Under increasing criticism from consumer groups and tighter scrutiny by Congress, the Food and Drug Administration has offered an explanation of its policy of allowing advisory committee members to maintain their ties to industry. In an announcement, the agency outlined several steps it said would reassure the public about the integrity of the process.

FDA advisory committees offer recommendations about what drugs and medical devices should receive agency approval. The FDA is not required to follow the advice of its committees, but it almost always does.

"This effort includes the development of guidances to provide greater clarity and transparency in the disclosure of waivers of relationships that could present the appearance of conflicts of interest, as well as additional efforts to implement more streamlined approaches that will improve the transparency in the appointment of members to the agency's advisory committees," the FDA said in a statement.
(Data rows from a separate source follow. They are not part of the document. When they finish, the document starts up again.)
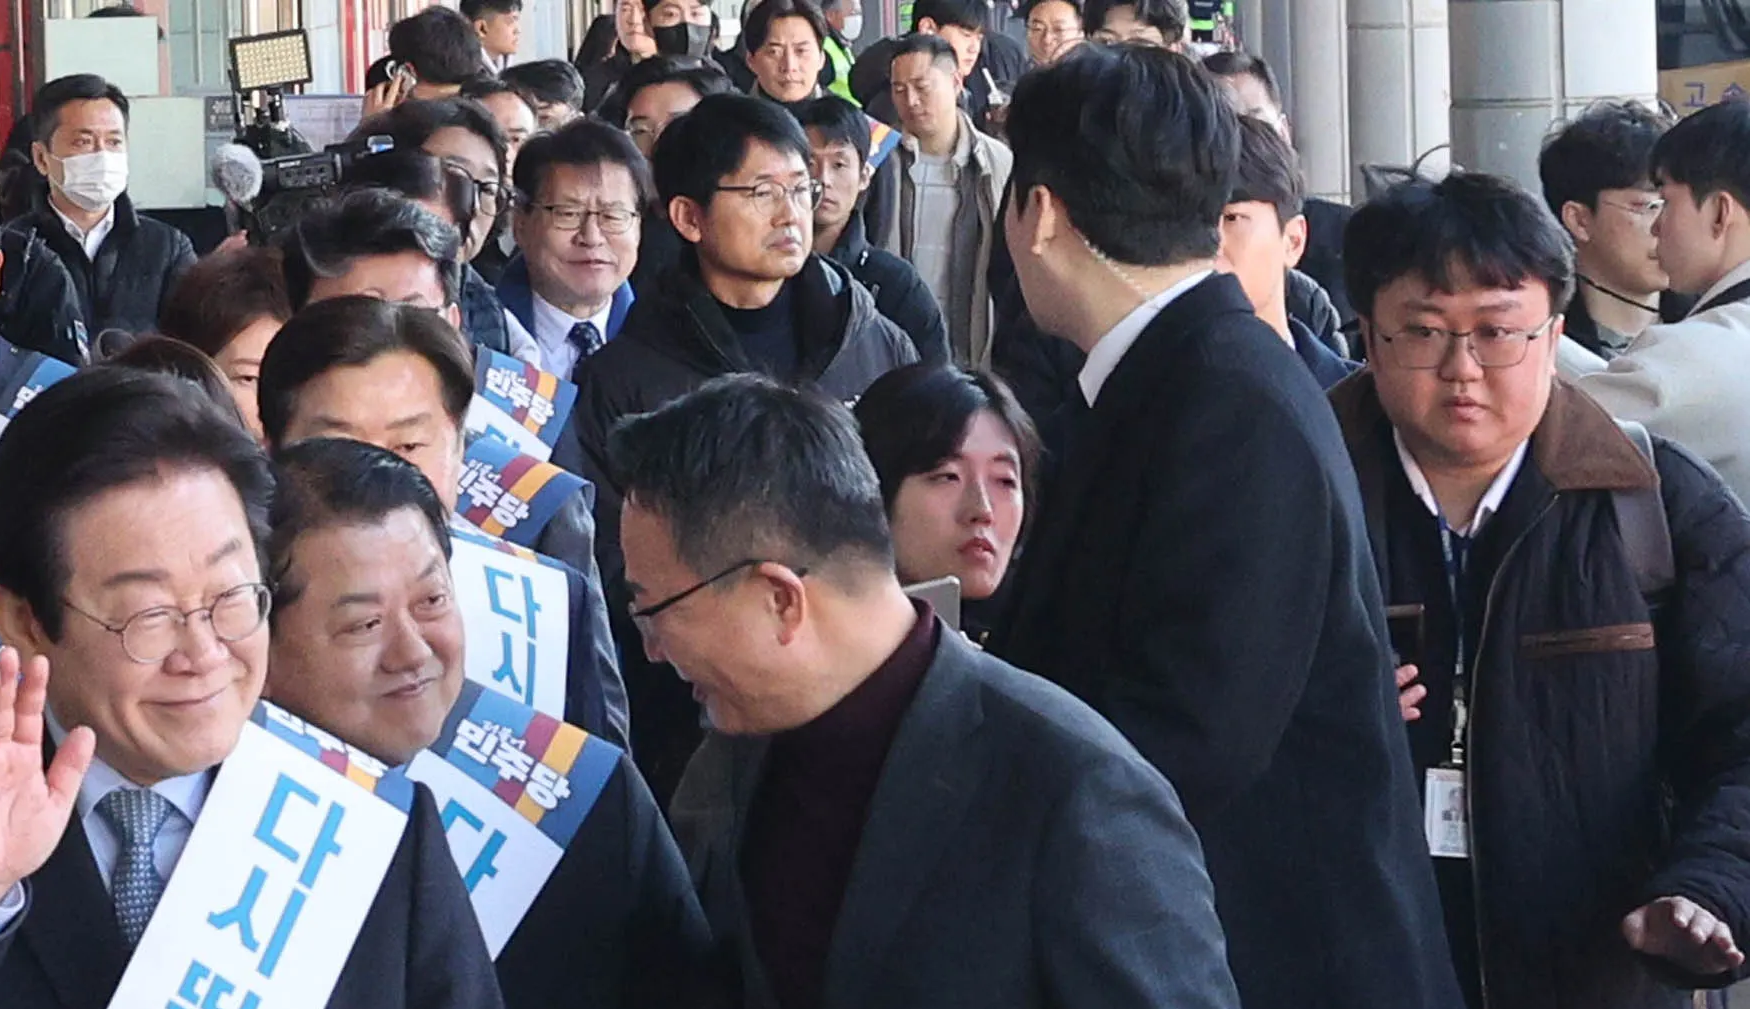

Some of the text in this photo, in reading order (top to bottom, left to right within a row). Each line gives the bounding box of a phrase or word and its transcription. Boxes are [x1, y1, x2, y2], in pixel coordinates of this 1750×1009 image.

[485, 367, 555, 425] 민주당
[483, 564, 542, 708] 다시
[452, 719, 571, 809] 민주당
[207, 770, 345, 979] 다시
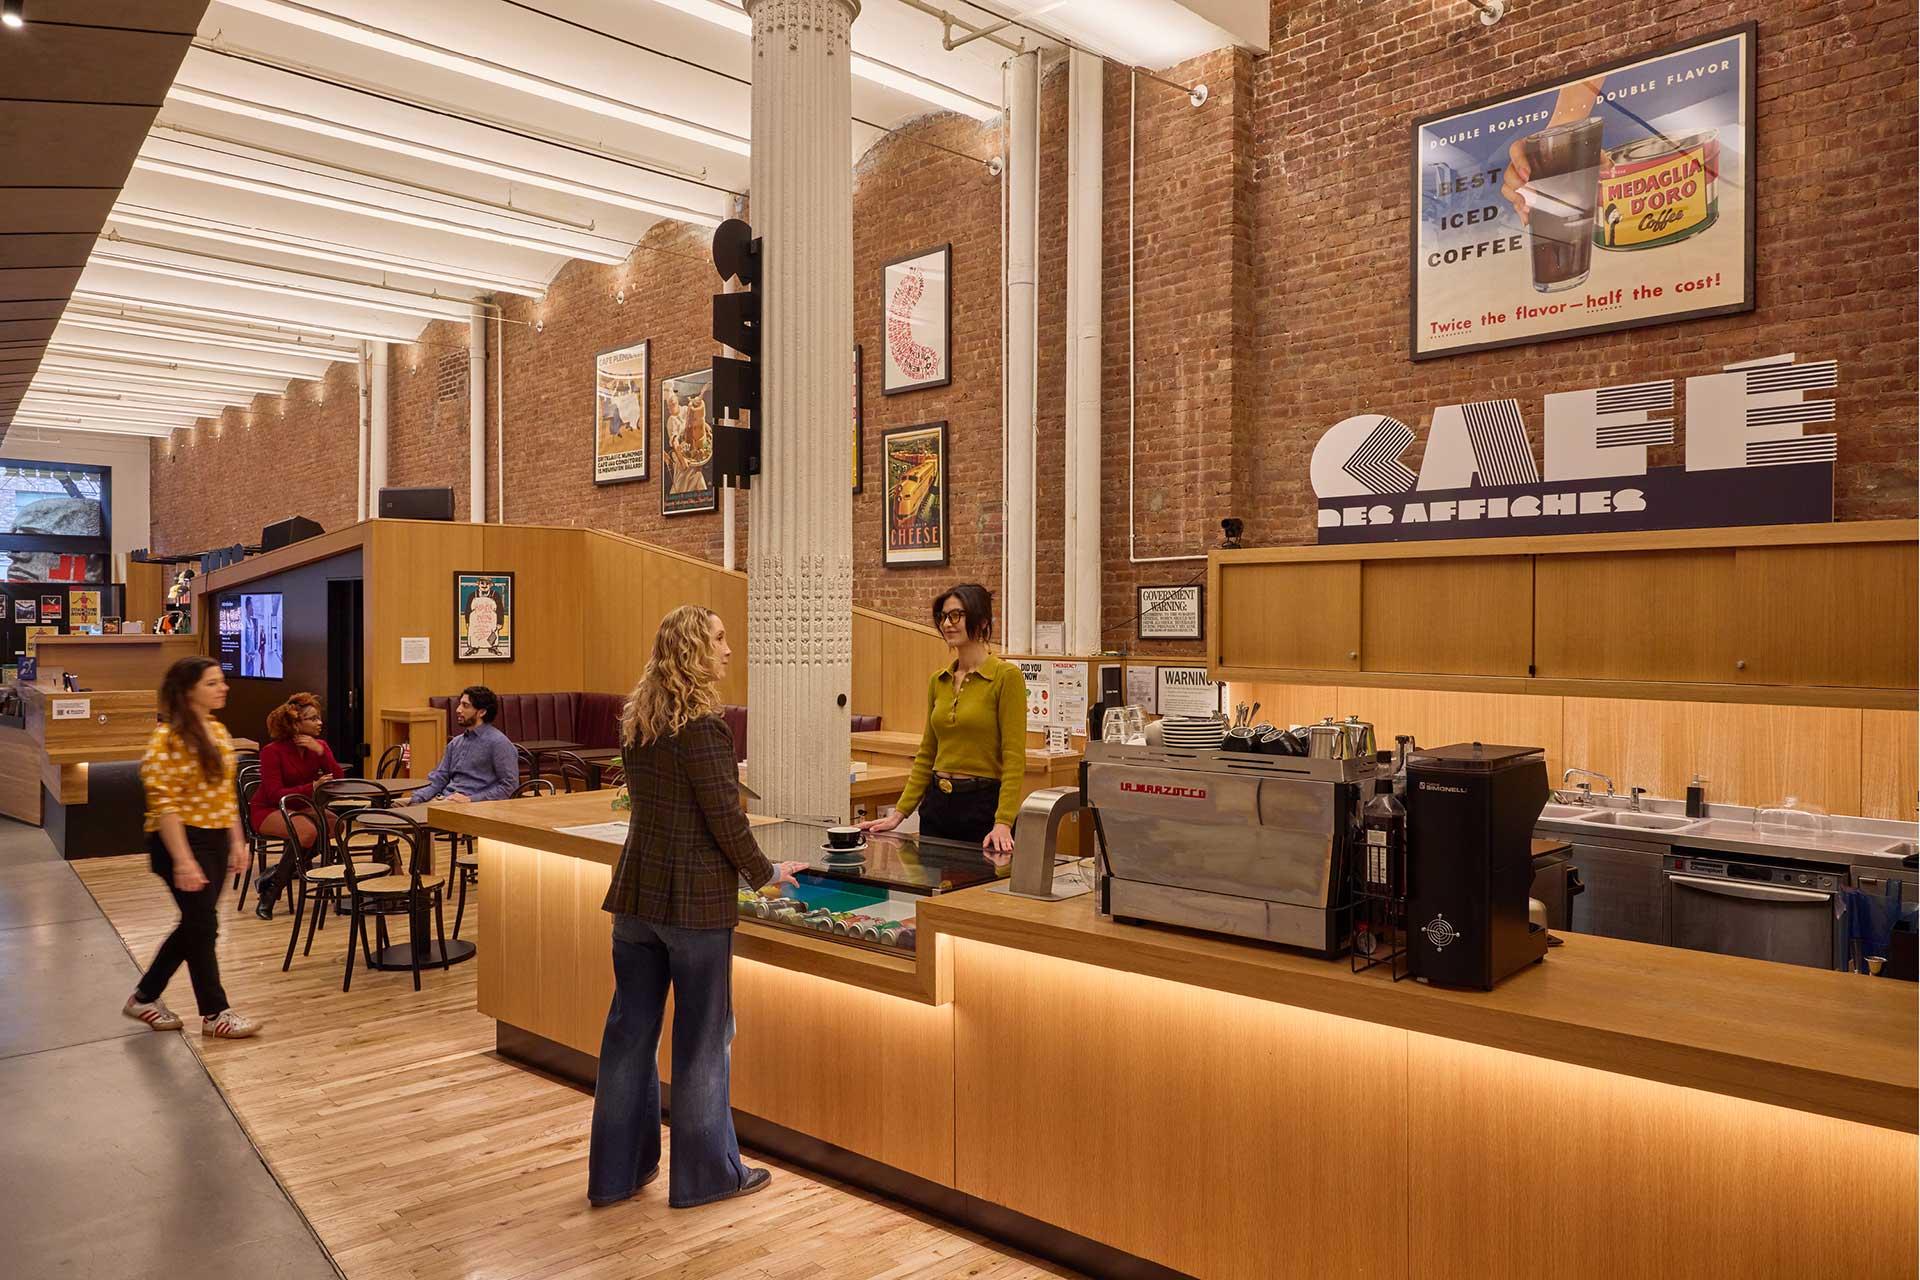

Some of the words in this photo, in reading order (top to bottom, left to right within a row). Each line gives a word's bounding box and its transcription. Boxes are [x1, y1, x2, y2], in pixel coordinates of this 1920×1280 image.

[1596, 80, 1656, 105] DOUBLE
[1667, 60, 1730, 85] FLAVOR
[1430, 128, 1481, 149] DOUBLE
[1489, 110, 1549, 133] ROASTED
[1439, 168, 1502, 197] BEST
[1607, 158, 1702, 201] MEDAGLIA
[1630, 180, 1697, 216] D'ORO
[1441, 205, 1499, 231] ICED
[1638, 208, 1685, 233] Coffee
[1427, 235, 1523, 268] COFFEE
[1430, 317, 1472, 335] Twice
[1481, 311, 1507, 326] the
[1632, 285, 1663, 301] the
[1674, 272, 1721, 294] cost!
[1317, 504, 1394, 528] DES
[1401, 488, 1647, 524] AFFICHES
[891, 526, 939, 546] CHEESE
[1142, 589, 1195, 601] GOVERNMENT
[1150, 601, 1188, 612] WARNING:
[1020, 663, 1030, 672] DID
[1030, 663, 1042, 672] YOU
[1023, 672, 1038, 681] NOW
The FDA said it is taking these steps to make sure that it has a rigorous review approach while continuing to recruit advisory members through a process that places the quality of scientific input sought by the agency as a top criterion.

"The advisory committee process is integral to examining the intersection between medical practice and clinical research, to spark debate about it, and to subject scientific work to close public scrutiny," said Dr. Scott Gottlieb, FDA's Deputy Commissioner for Medical and Scientific Affairs. "Some of the most valuable input often comes from people who are active practitioners but also heavily engaged in clinical research and we need to make sure that we continue to have the ability to recruit top clinical trialists."
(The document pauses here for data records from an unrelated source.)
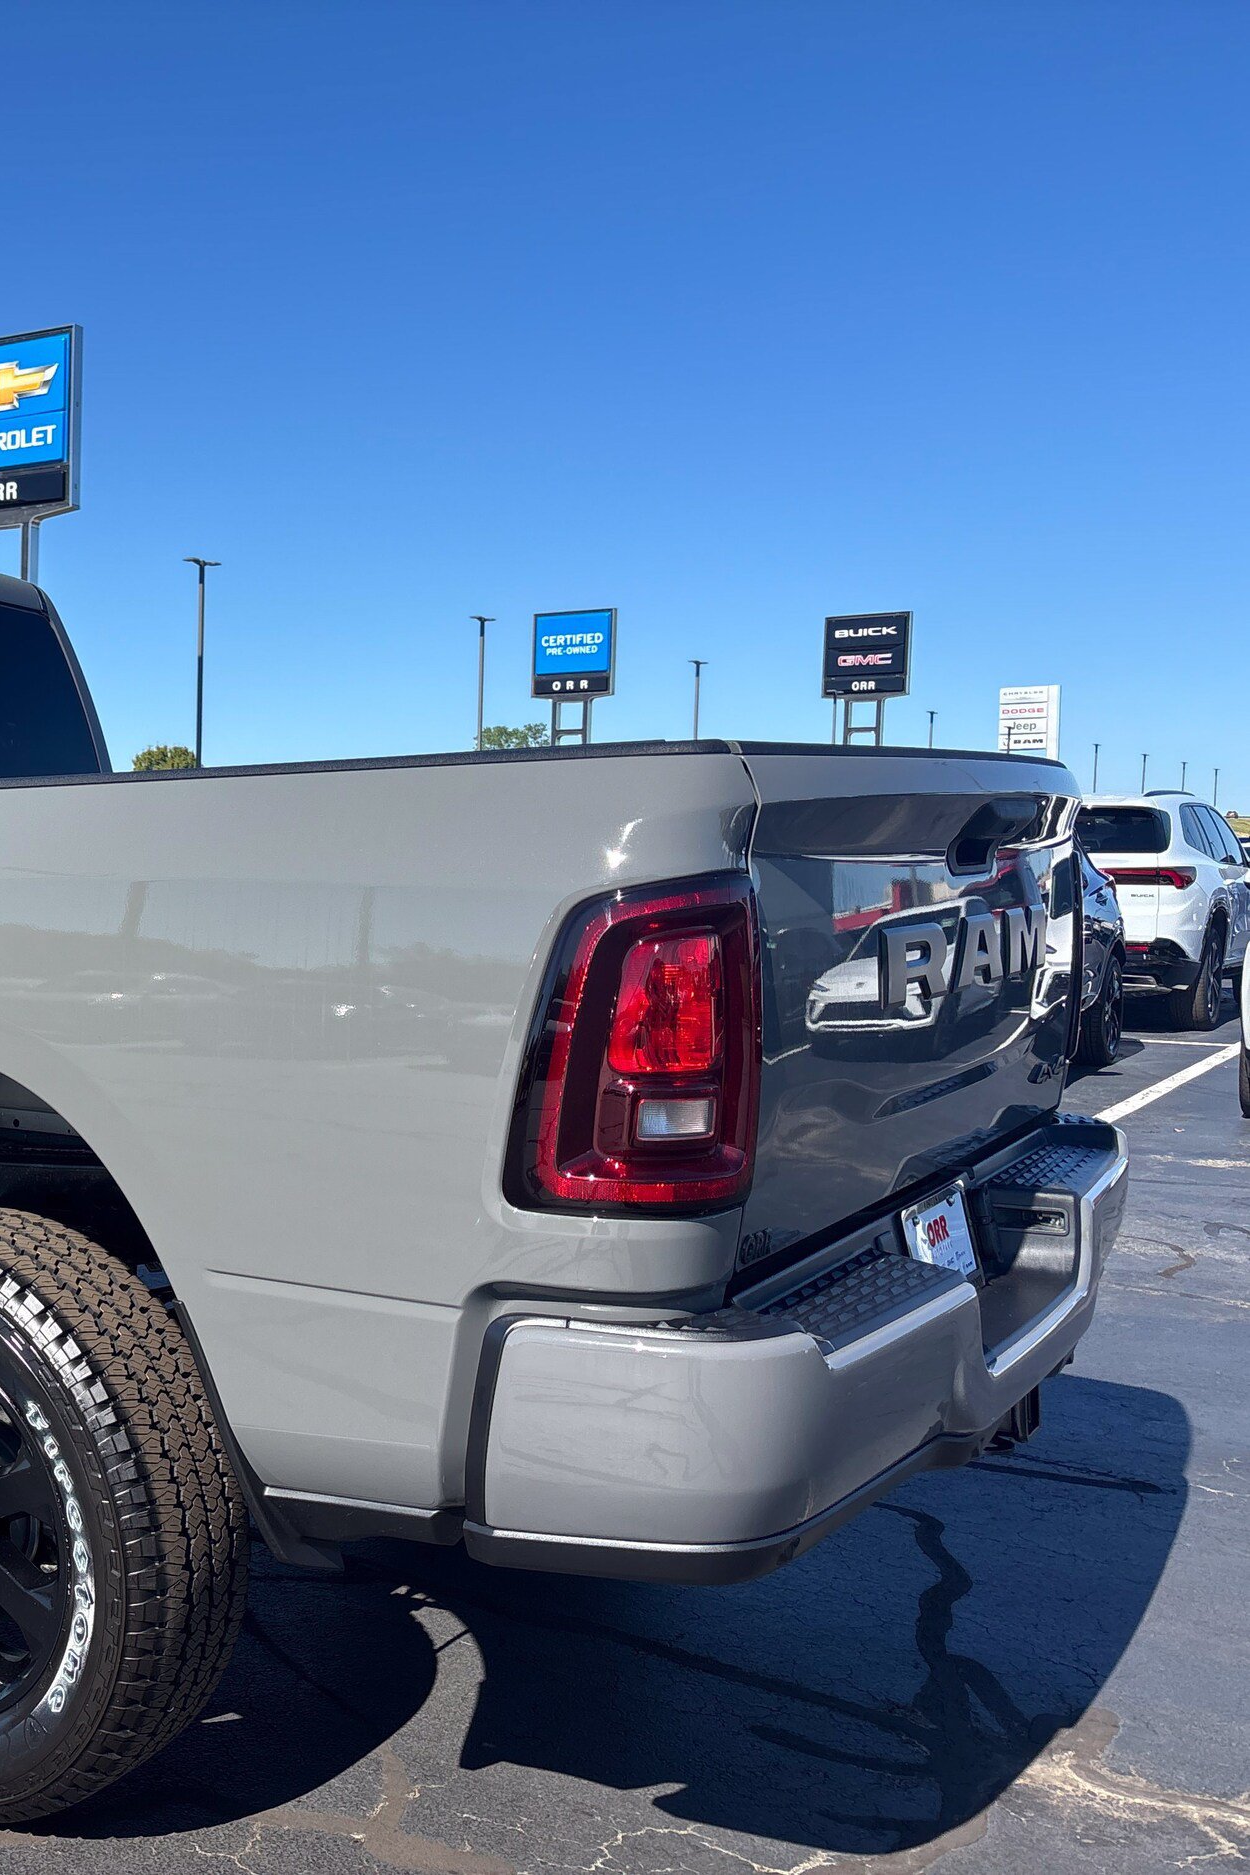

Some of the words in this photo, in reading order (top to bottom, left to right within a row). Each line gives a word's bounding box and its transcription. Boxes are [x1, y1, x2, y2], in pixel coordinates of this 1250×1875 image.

[834, 626, 897, 639] BUICK
[541, 632, 604, 647] CERTIFIED
[546, 645, 598, 656] PRE-OWNED
[837, 652, 893, 667] GMC
[851, 681, 876, 691] ORR
[1002, 707, 1044, 715] DODGE
[1011, 721, 1037, 731] Jeep
[878, 903, 1047, 1009] RAM
[926, 1214, 950, 1248] ORR
The FDA said it will take a number of steps in the coming month to create a more transparent advisory process:

• Issue a guidance identifying more clearly the conditions under which conflict of interest waivers are granted. Currently, for example, waivers can be granted to committee members under certain circumstances for participation in scientific endeavors related to the work of the committee, as well as for certain unrelated activities.

• Issue a guidance specifying when waivers of conflict of interest will be disclosed to the public and what information will be made available.

• Issue a guidance specifying when briefing materials used at advisory committee meetings will be made publicly available.

• Provide greater public dissemination of advisory committee schedules through increased mailings to public groups, and providing electronic notifications through an FDA advisory committee list serve and posting on the FDA web site.

• Implementation of a more streamlined approach to the appointment of members to the agency's drug-related advisory committees.

As the FDA made its announcement, the Center for Science in the Public Interest, a frequent FDA critic, convened a symposium in Washington whether scientists with industry ties should be banned from advisory committees. There is currently legislation pending in Congress that would impose such a ban.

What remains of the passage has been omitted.